Readability Age Range



Year Published

Book Review

Race for Freedom by Lois Walfrid Johnsonhas been reviewed by Focus on the Family’s marriage and parenting magazine. It is the second book in the “Freedom Seekers” series.

Plot Summary

The year is 1857. Thirteen-year-old Libby has spent the last four years with her wealthy aunt. She’s recently moved to live with her father on the side wheeler (a boat) he captains. The boat is called the Christina after Libby’s deceased mother. She’s discovered that her father and his 14-year-old cabin boy, Caleb, are helping carry escaped slaves to freedom.

Caleb has challenged her naïve thinking about slavery, and she’s now anxious to be a conductor on the Underground Railroad. Caleb and Libby have helped a young slave named Jordan flee his cruel master, Riggs. Jordan is working for Father on the Christina until he can safely reach his family and get them to freedom. But Riggs has people watching Jordan’s family, and Riggs himself is looking up and down the Mississippi river for Jordan.

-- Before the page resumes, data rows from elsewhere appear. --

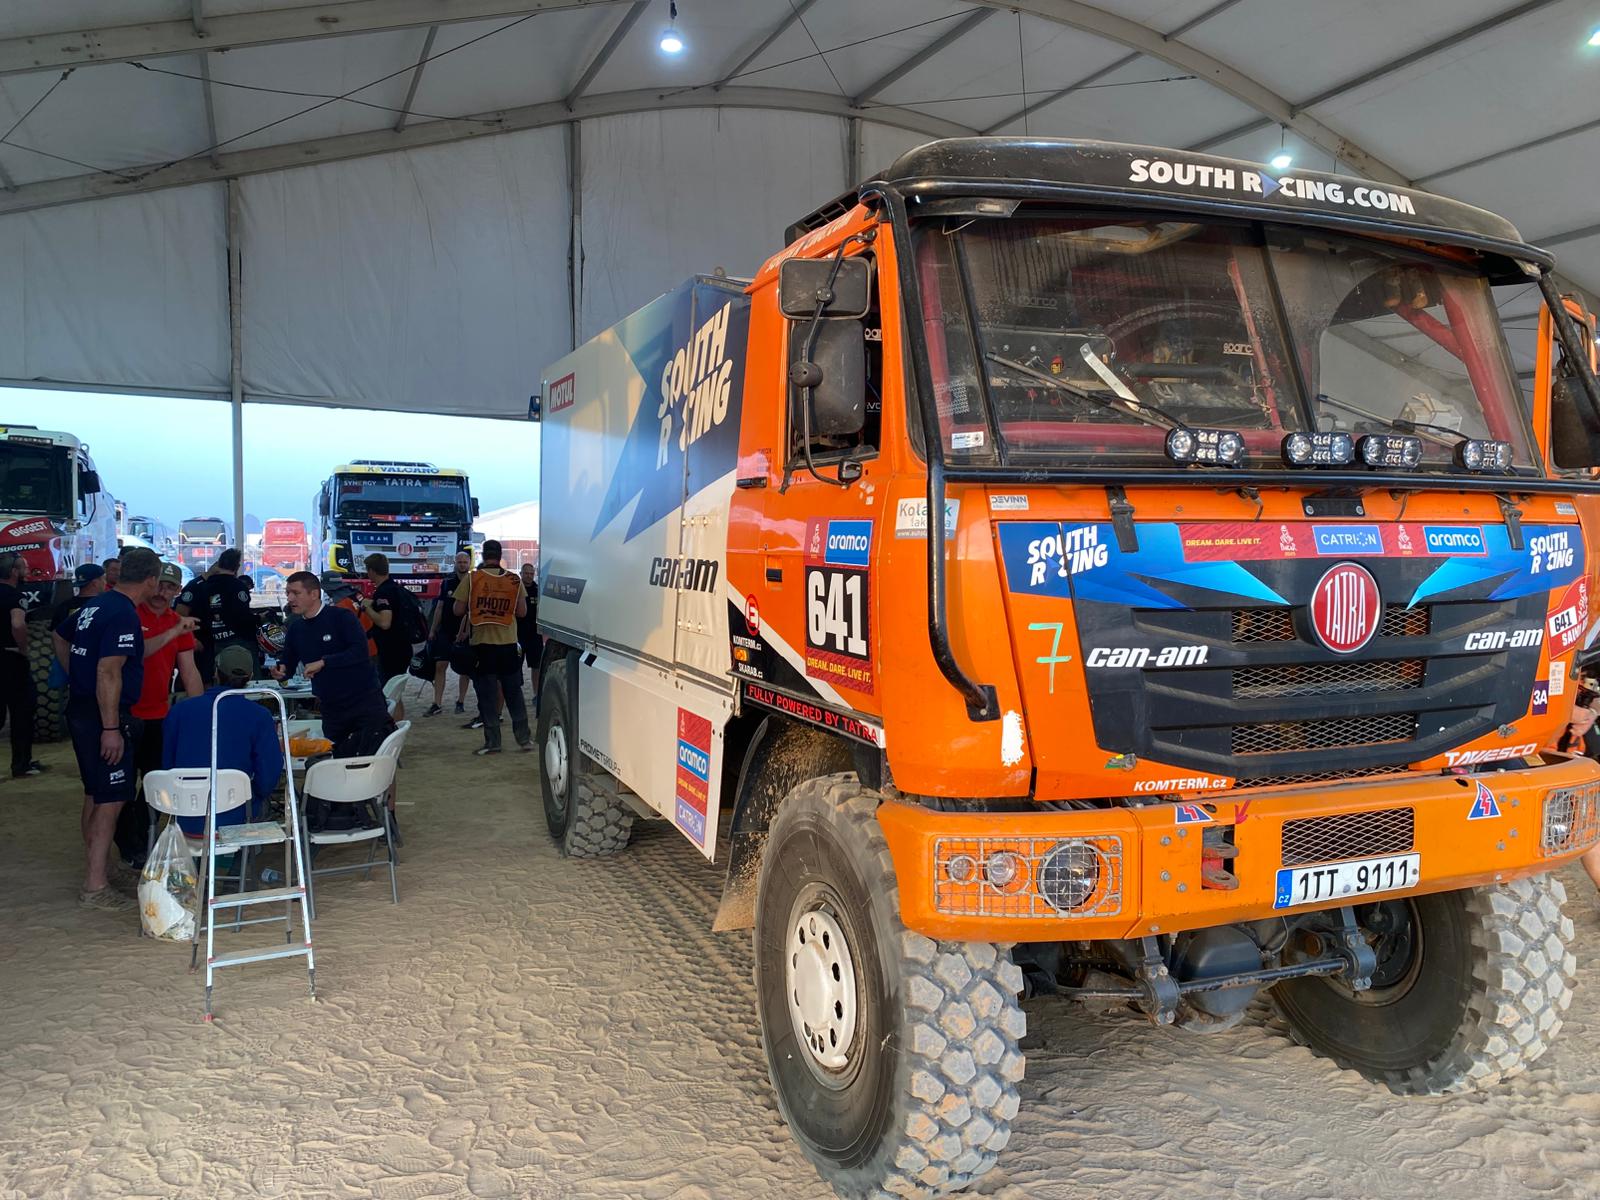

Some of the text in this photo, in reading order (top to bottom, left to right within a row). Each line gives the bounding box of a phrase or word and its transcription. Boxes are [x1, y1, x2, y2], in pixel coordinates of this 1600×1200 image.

[1129, 158, 1235, 191] SOUTH
[1223, 342, 1253, 354] sparc
[657, 301, 731, 419] SOUTH
[551, 379, 573, 409] MOTUL
[384, 478, 422, 488] TATRA
[8, 521, 48, 537] BIGGEST
[1429, 533, 1480, 547] aramco
[829, 534, 868, 551] aramco
[1027, 525, 1098, 564] SOUTH
[1185, 539, 1214, 547] DREAM.
[1530, 531, 1569, 557] SOUTH
[649, 557, 719, 594] can-am
[476, 596, 511, 611] PHOTO
[807, 570, 867, 657] 641
[1325, 571, 1366, 645] TATRA
[1554, 611, 1573, 632] 641
[212, 630, 235, 640] ATRA
[1465, 628, 1544, 651] can-am
[1028, 622, 1073, 695] 7
[1086, 645, 1209, 668] can-am
[807, 658, 829, 672] DREAM.
[829, 663, 847, 676] DARE.
[848, 667, 863, 680] LIVE
[1533, 690, 1548, 706] 3A
[749, 686, 878, 742] FULLY POWERED BY TATRA
[679, 746, 707, 775] aramco
[1445, 742, 1538, 767] TAVESCO
[1133, 777, 1227, 792] KOMTERM.cz
[1299, 859, 1408, 900] 1TT 9111
[1278, 894, 1290, 904] CZ

As Race for Freedom begins, Father cries as he reads about the Dred Scott decision. He suggests that this recent Supreme Court ruling might even lead the country to war. Riggs and his men search the Christina but can’t find Jordan. Knowing Riggs is still suspicious, Caleb and Libby carefully watch the new passengers boarding the boat for St. Paul. They see a man with a fake moustache who may be Riggs.

Libby also meets a family of German immigrants with a young daughter about her age named Elsa. She is thin and sickly, so Libby sometimes takes food and blankets to the family as they sleep on the crowded deck. She gets in trouble after trying to sneak Elsa onto the first-class deck where there is a warm fire. She convinces Pa to let Elsa join her, Caleb and Jordan for daily lessons in his cabin so Elsa will be warm for part of each day. At one point, Libby sees Caleb watching Elsa. She almost lets her jealousy keep her from giving her new friend the help she needs.

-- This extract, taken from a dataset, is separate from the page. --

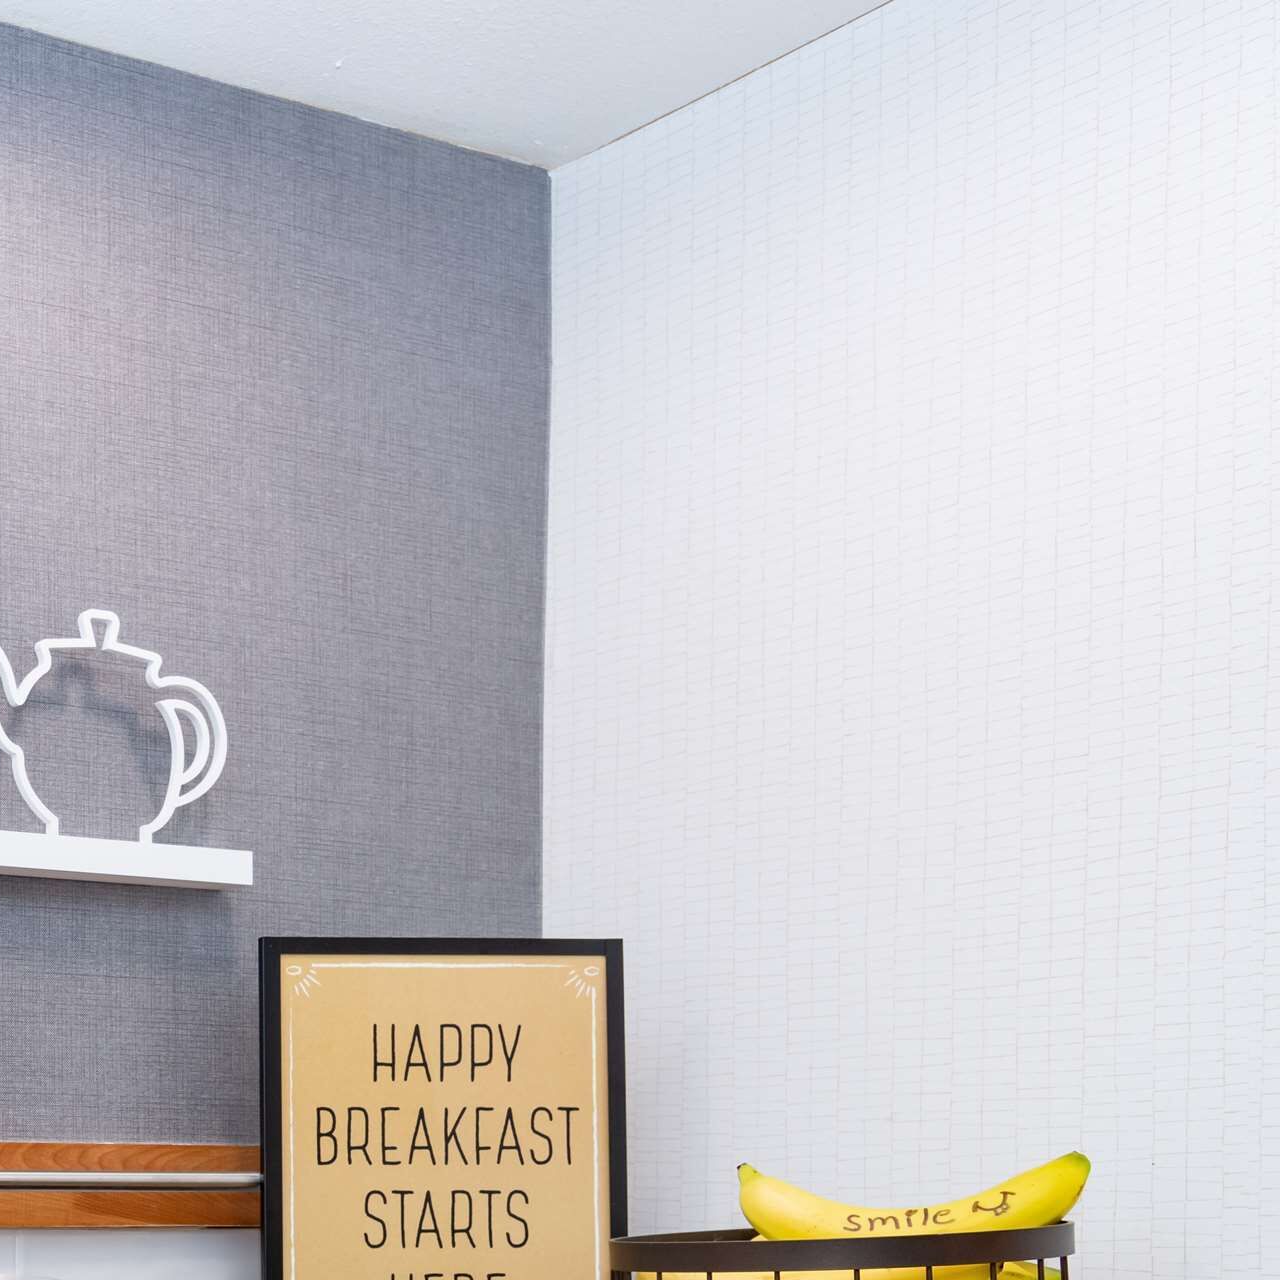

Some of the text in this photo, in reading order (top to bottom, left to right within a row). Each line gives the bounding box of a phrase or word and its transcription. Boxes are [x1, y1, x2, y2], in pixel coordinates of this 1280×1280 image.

[372, 1023, 522, 1083] HAPPY
[314, 1105, 580, 1167] BREAKFAST
[362, 1189, 530, 1250] STARTS
[842, 1207, 956, 1233] smile

Against Caleb’s warnings, Jordan gets off the boat in Keokuk, Iowa, in search of information about his mother’s whereabouts. Slave catchers see him and give chase. Jordan narrowly escapes. Back on the boat, he tells Caleb and Libby more about his family and how he initially escaped Riggs.

Each year, steamboats on the Mississippi race through the dangerous, ice-filled waters of Lake Pepin. The first boat to arrive in St. Paul wins a sizeable reward: use of the wharf free of charge all year. Pa and the other captains try the waters each day to see if they can get through. Spring is coming late, and the captains become frustrated.

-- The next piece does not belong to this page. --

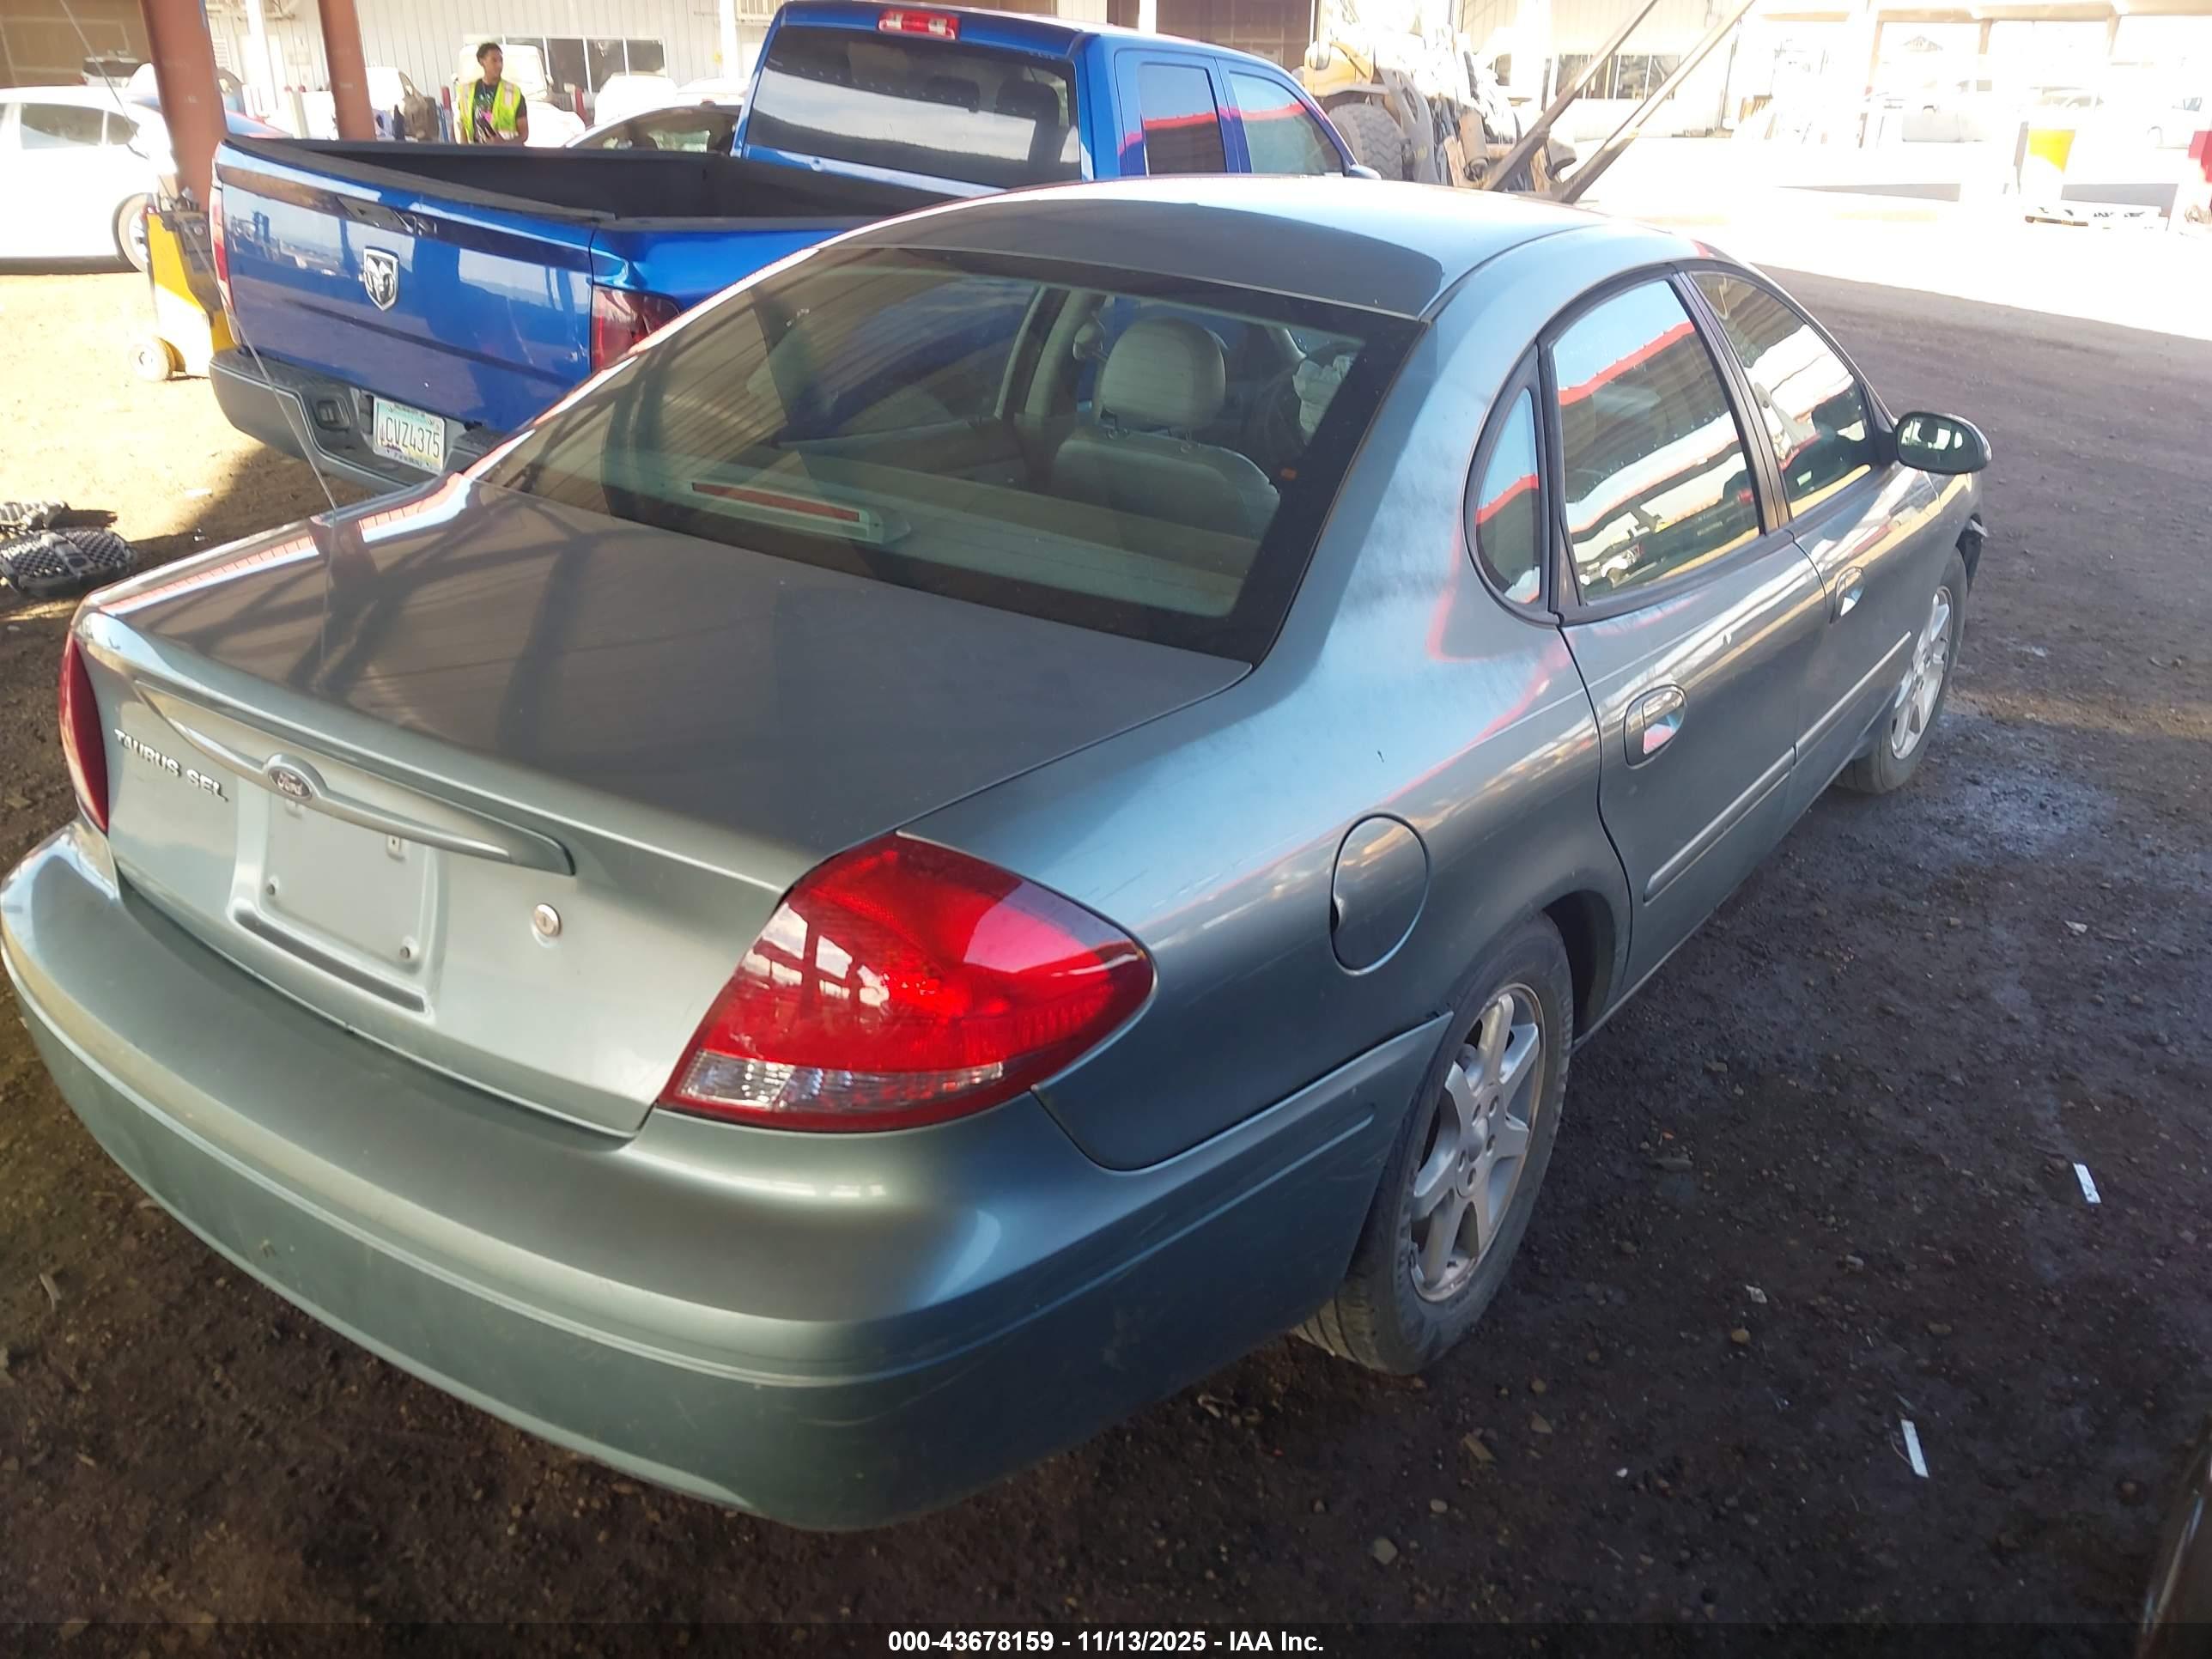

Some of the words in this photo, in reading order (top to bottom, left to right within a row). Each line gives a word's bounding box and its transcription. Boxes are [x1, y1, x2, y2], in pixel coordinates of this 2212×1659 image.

[386, 416, 441, 459] CVZ4375
[113, 728, 181, 777] TAURUS
[186, 769, 229, 802] SEL
[276, 772, 302, 796] Ford

When Elsa’s condition worsens, Libby and Elsa’s mother take the girl to Libby’s cabin. Caleb determines Elsa has cholera, which means no one can be near her. Pa and Caleb secretly worry Libby has already come in contact with the disease. Pa sends Caleb and Jordan to find a doctor in a nearby port, and he makes them take Libby along. The journey is treacherous, but Pa wants to get Libby off the ship and away from the disease.

Caleb, Jordan and Libby hike through perilous terrain. Libby falls into a rushing stream, and Jordan saves her, despite his inability to swim. They also encounter a hungry bear and realize they’re being tracked by some of Riggs’ men. As Libby witnesses Jordan’s and Caleb’s faith and thinks back on her father’s words about courage, she begins to recognize her need for Jesus. She prays for forgiveness.

When Libby and her friends find the doctor, he rushes to the boat. He also helps them find a safe way back to the Christina. He seems somewhat hopeful that Elsa will recover and takes her off the boat for treatment. Pa and the other captains are finally able to start the race. But the slave catchers are back on the Christina looking for Jordan. Jordan escapes to a nearby boat and then falls overboard. Libby’s Newfoundland, Samson, saves the boy’s life.

Pa loses the race but is happy Jordan has survived. Jordan and Caleb leave the boat again in search of answers about Jordan’s mother, knowing the slave traders aren’t far behind.

Christian Beliefs

Elsa Meyer and her family pray, sing hymns on deck and credit God for bringing them this far. Jordan is a faithful believer who often hears God telling him which direction he should take. He wants to learn to read so he can read the Bible. Jordan and Mrs. Meyer pray for Elsa’s health. Libby tells Jordan she doesn’t really know how to pray and wonders if God listens to her. Jordan tells her praying isn’t hard; it’s just talking to Jesus like you’d talk to anyone. Jordan sings spiritual songs as they hide from the slave catchers. He tells Libby he’s been free for a long time in his heart because he let Jesus get to him.

Throughout the book, Libby grapples with the idea of God and His guidance and protection. She believes she’s hearing God speaking to her when she’s afraid. Her father later tells her that the words she heard were Scripture verses her mother used to say over and over.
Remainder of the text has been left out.